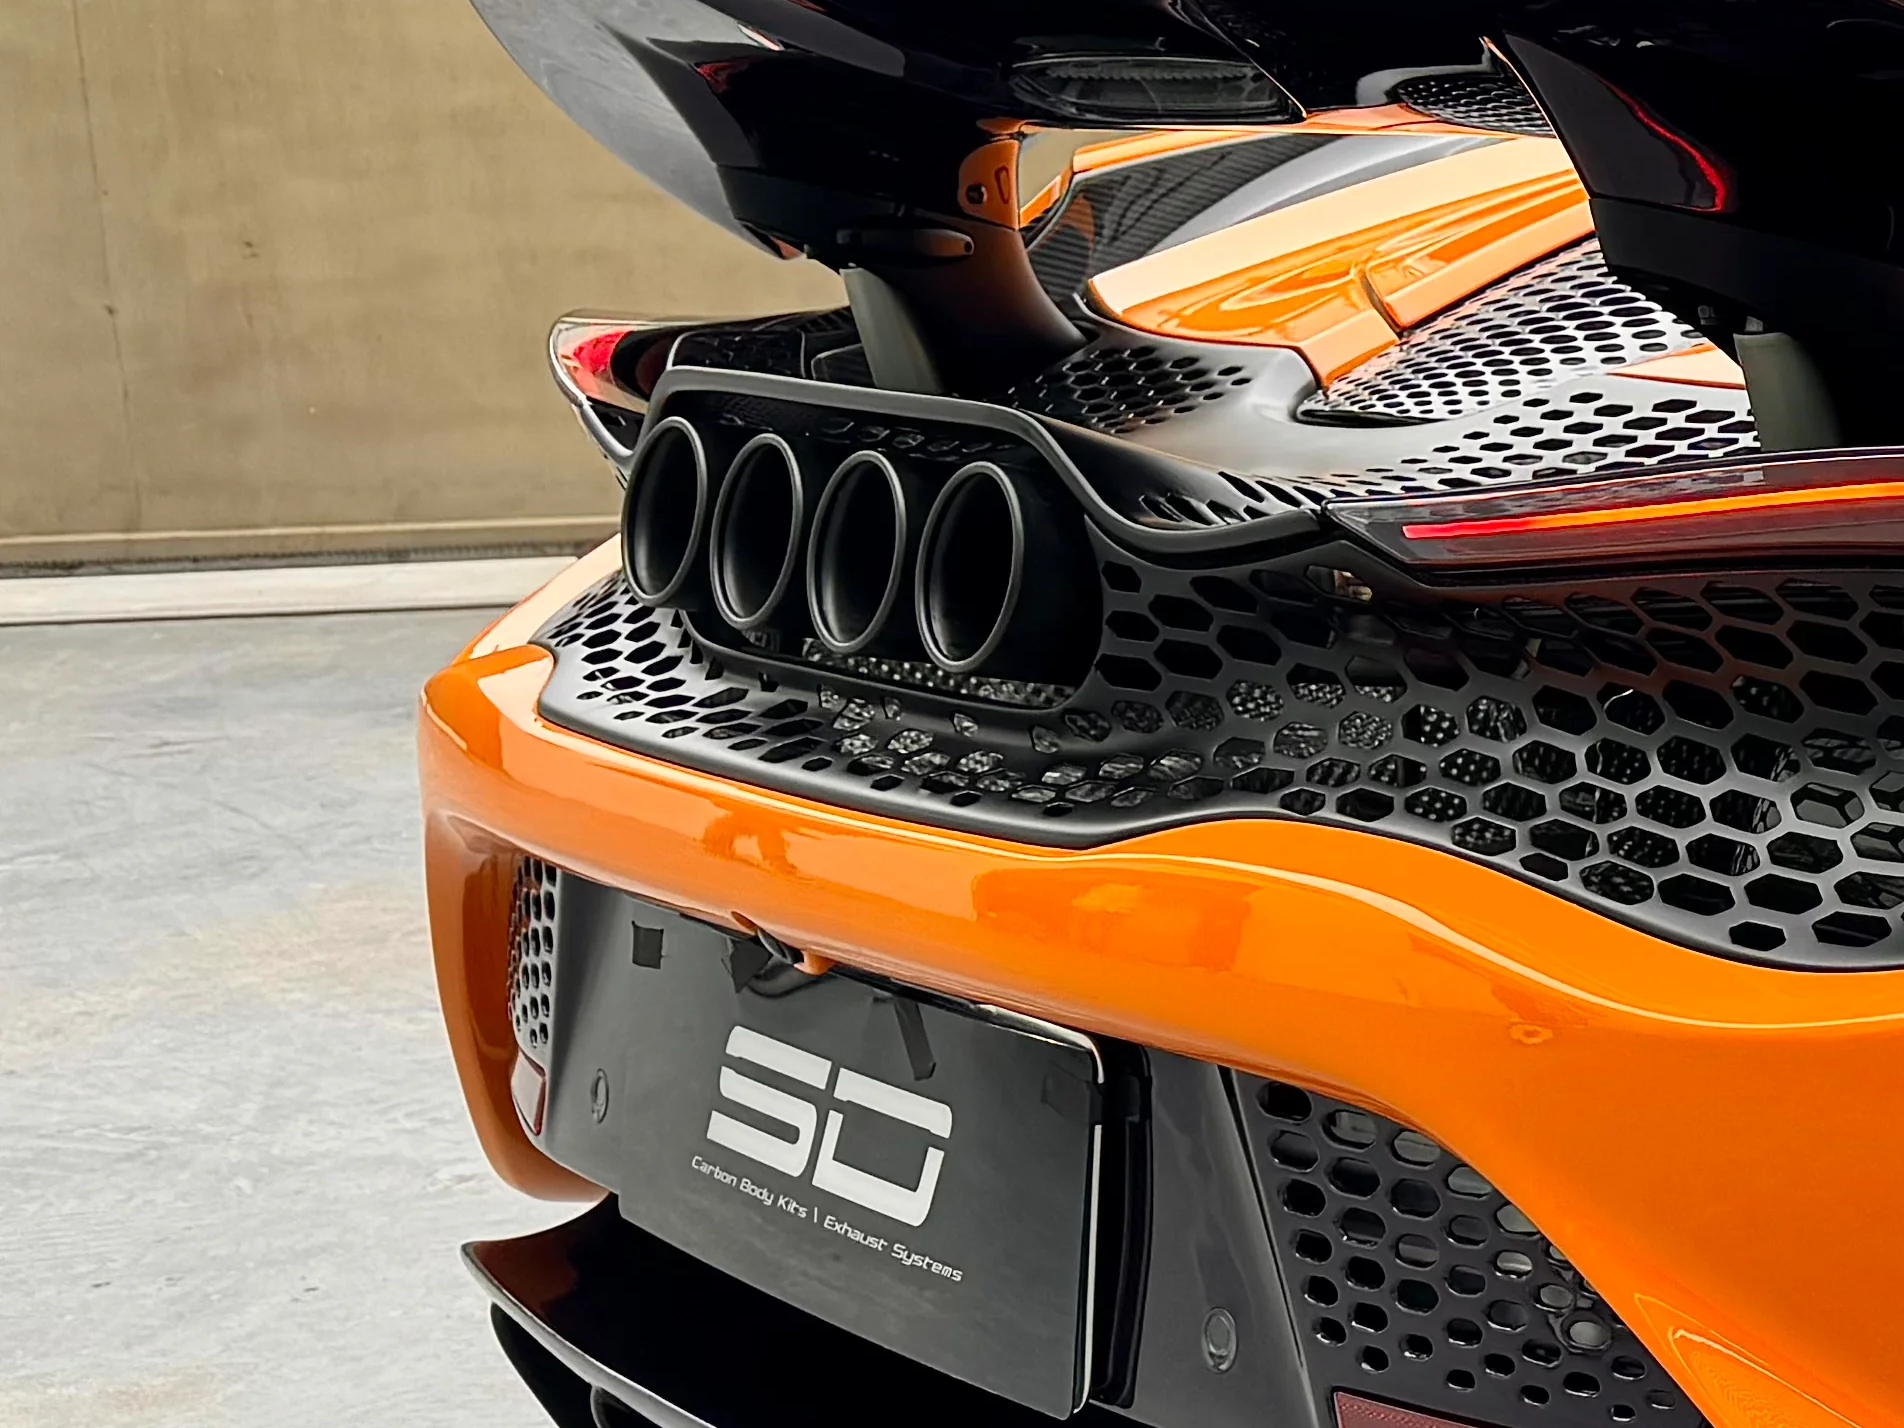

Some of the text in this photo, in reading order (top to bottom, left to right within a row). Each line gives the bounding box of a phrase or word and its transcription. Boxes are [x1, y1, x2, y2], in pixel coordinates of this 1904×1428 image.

[706, 1025, 953, 1228] SD
[691, 1154, 738, 1188] Carbon
[738, 1177, 775, 1206] Body
[776, 1194, 808, 1219] Kits
[823, 1214, 889, 1252] Exhaust
[890, 1242, 964, 1283] Systems
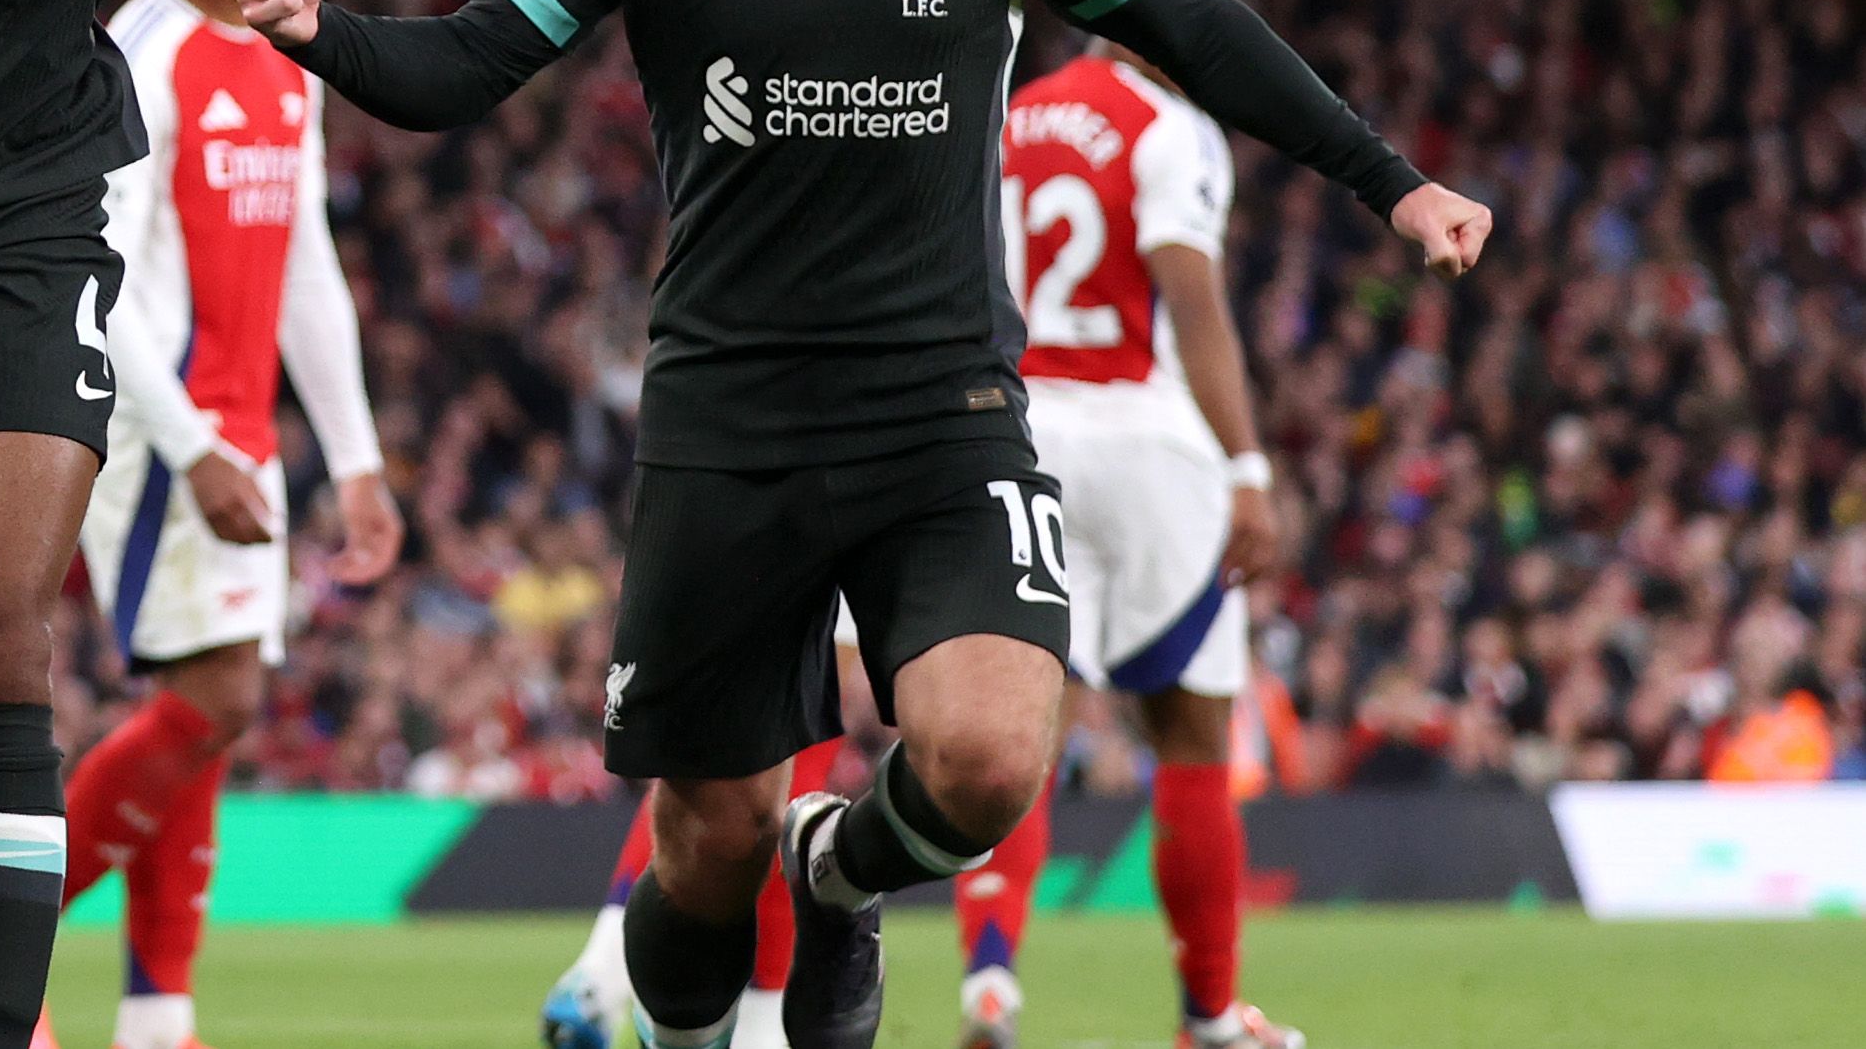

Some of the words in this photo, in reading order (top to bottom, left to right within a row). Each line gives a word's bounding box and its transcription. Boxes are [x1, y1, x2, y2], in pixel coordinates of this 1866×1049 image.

[765, 72, 944, 107] standard
[765, 102, 950, 139] chartered
[1001, 172, 1124, 348] 12
[986, 480, 1070, 595] 10
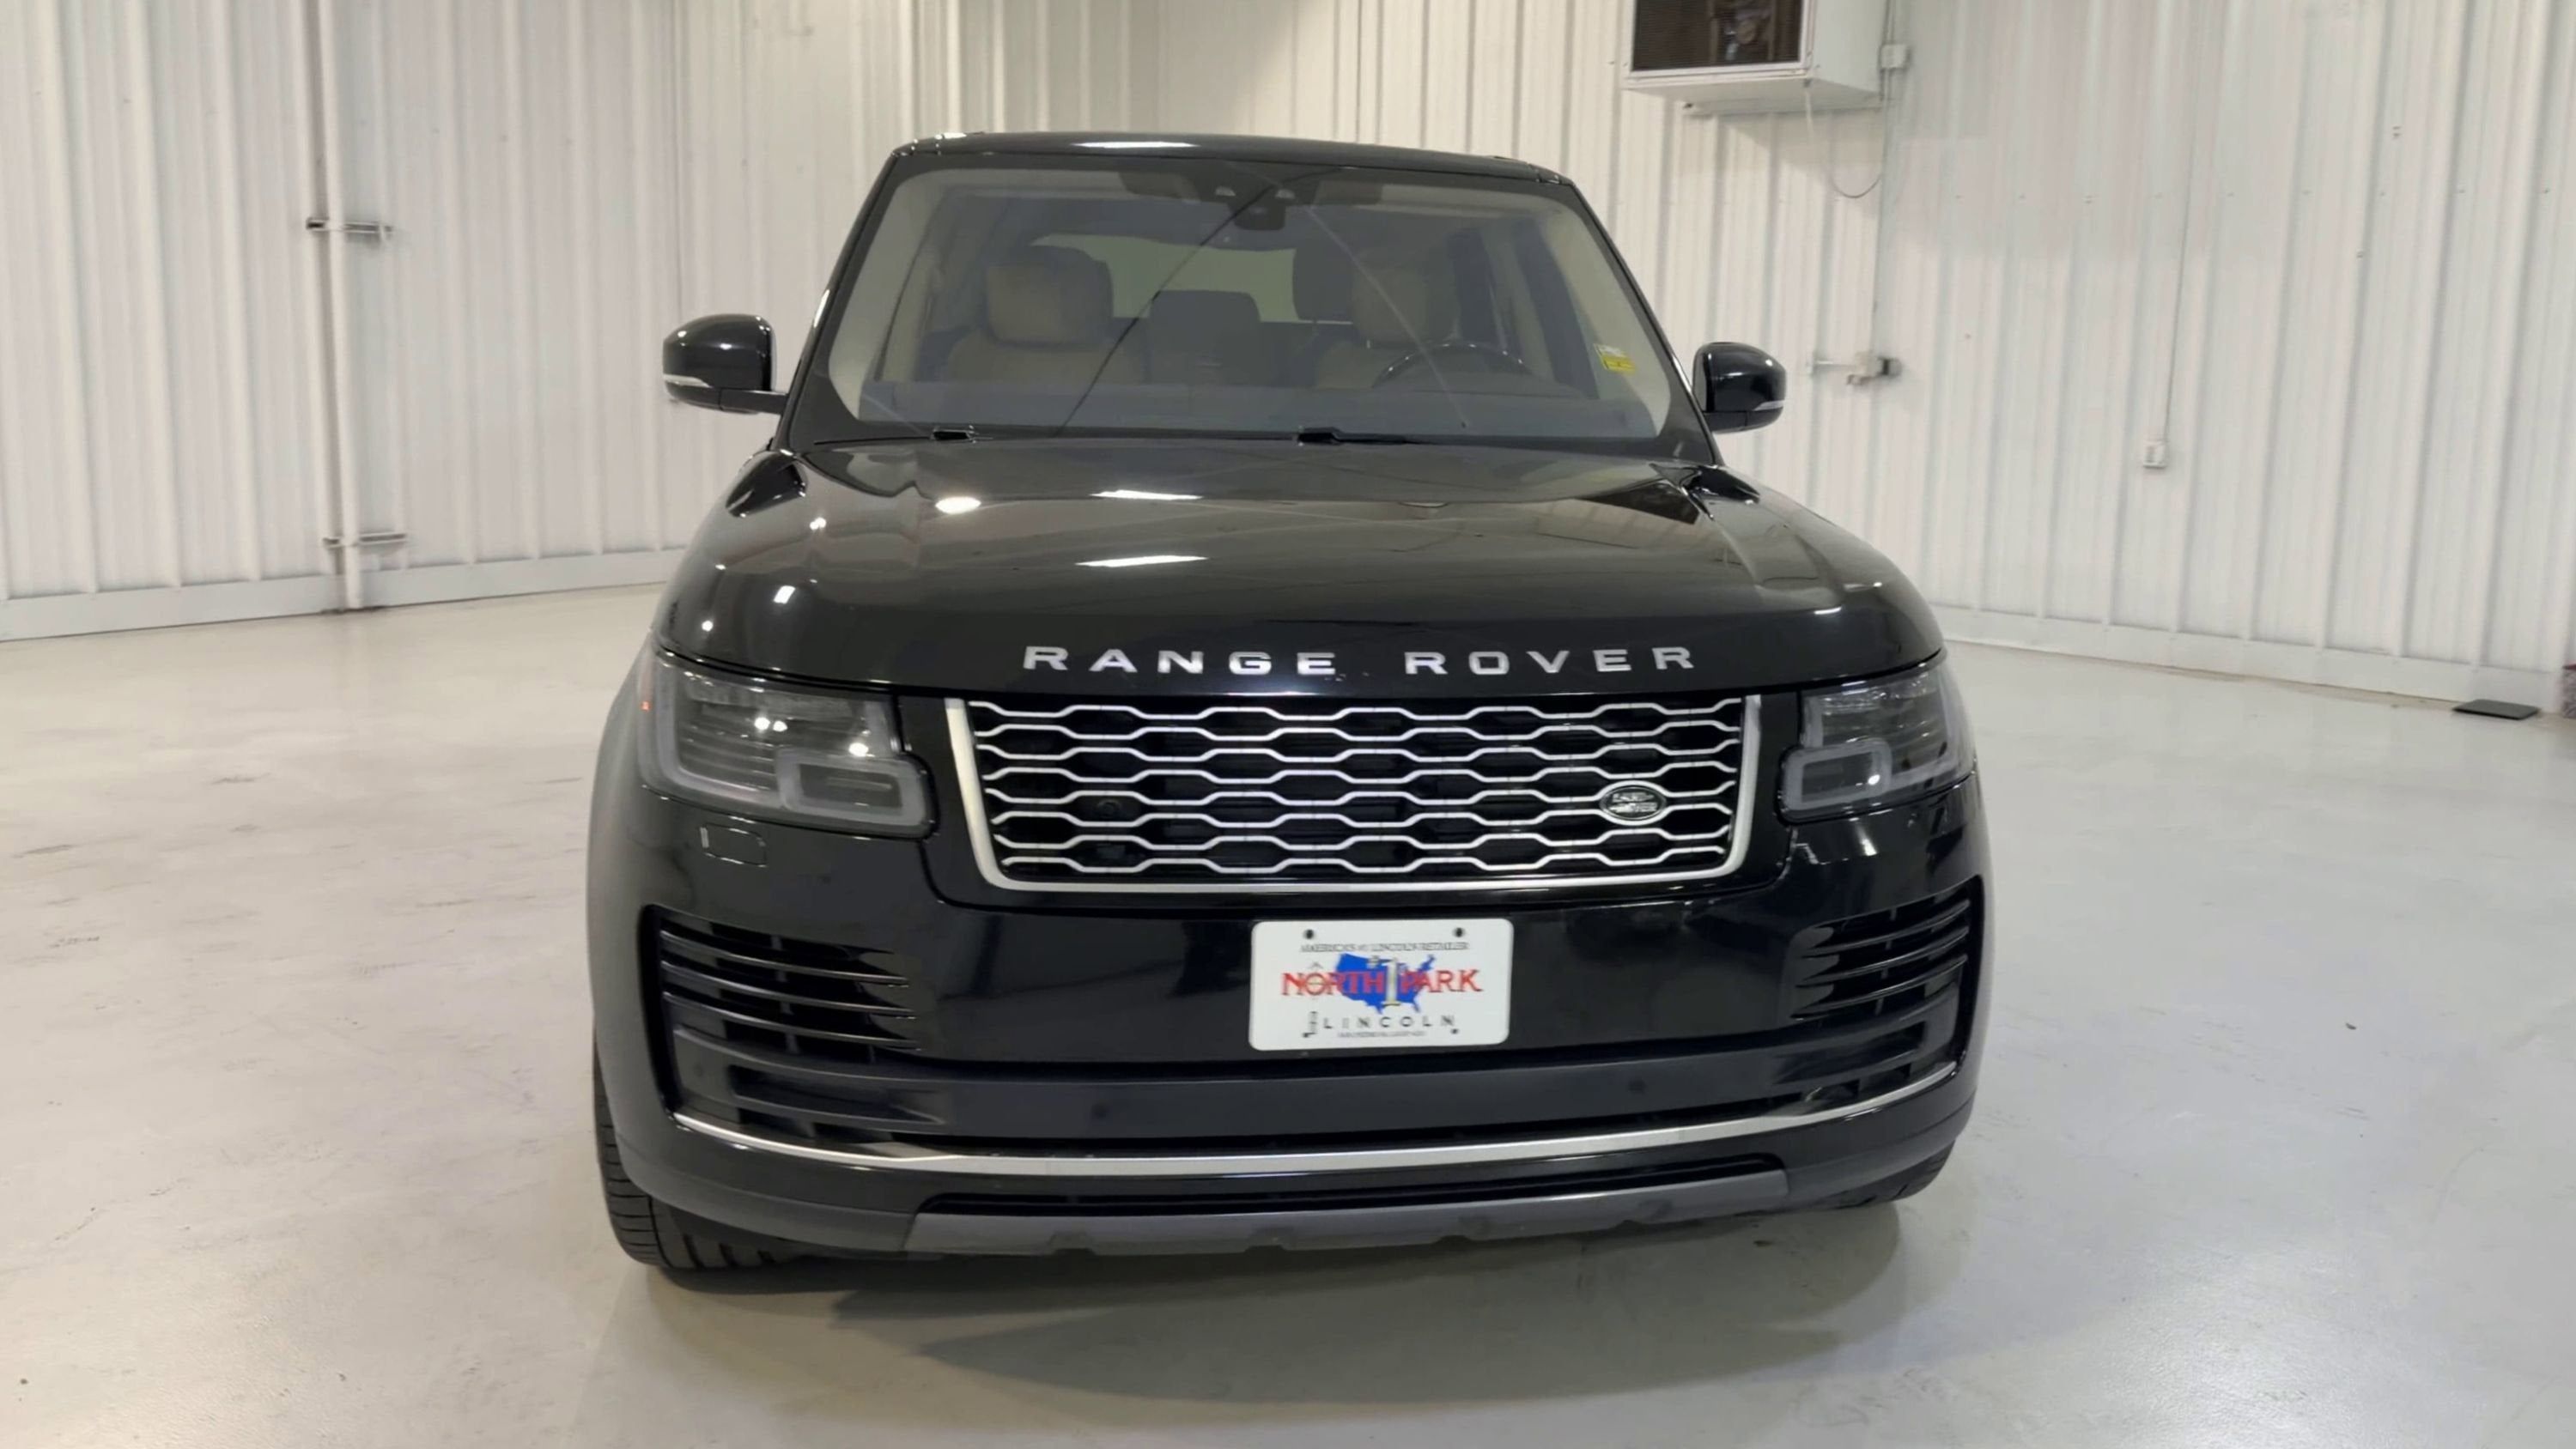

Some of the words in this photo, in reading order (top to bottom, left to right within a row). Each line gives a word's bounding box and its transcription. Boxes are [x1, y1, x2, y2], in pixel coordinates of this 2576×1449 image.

· · · · ·

-- Activity --
A faithful copy is needed of the lines from the one containing "this 1866×1049 image." through the last line of the data above, with pictures left out.

-- Written answer --
Some of the words in this photo, in reading order (top to bottom, left to right within a row). Each line gives a word's bounding box and its transcription. Boxes are [x1, y1, x2, y2], in pixel coordinates of this 1866×1049 image.

[765, 72, 944, 107] standard
[765, 102, 950, 139] chartered
[1001, 172, 1124, 348] 12
[986, 480, 1070, 595] 10

Some of the words in this photo, in reading order (top to bottom, left to right within a row). Each line gives a word's bounding box and its transcription. Boxes are [x1, y1, x2, y2], in pixel coordinates of this 2576×1449 image.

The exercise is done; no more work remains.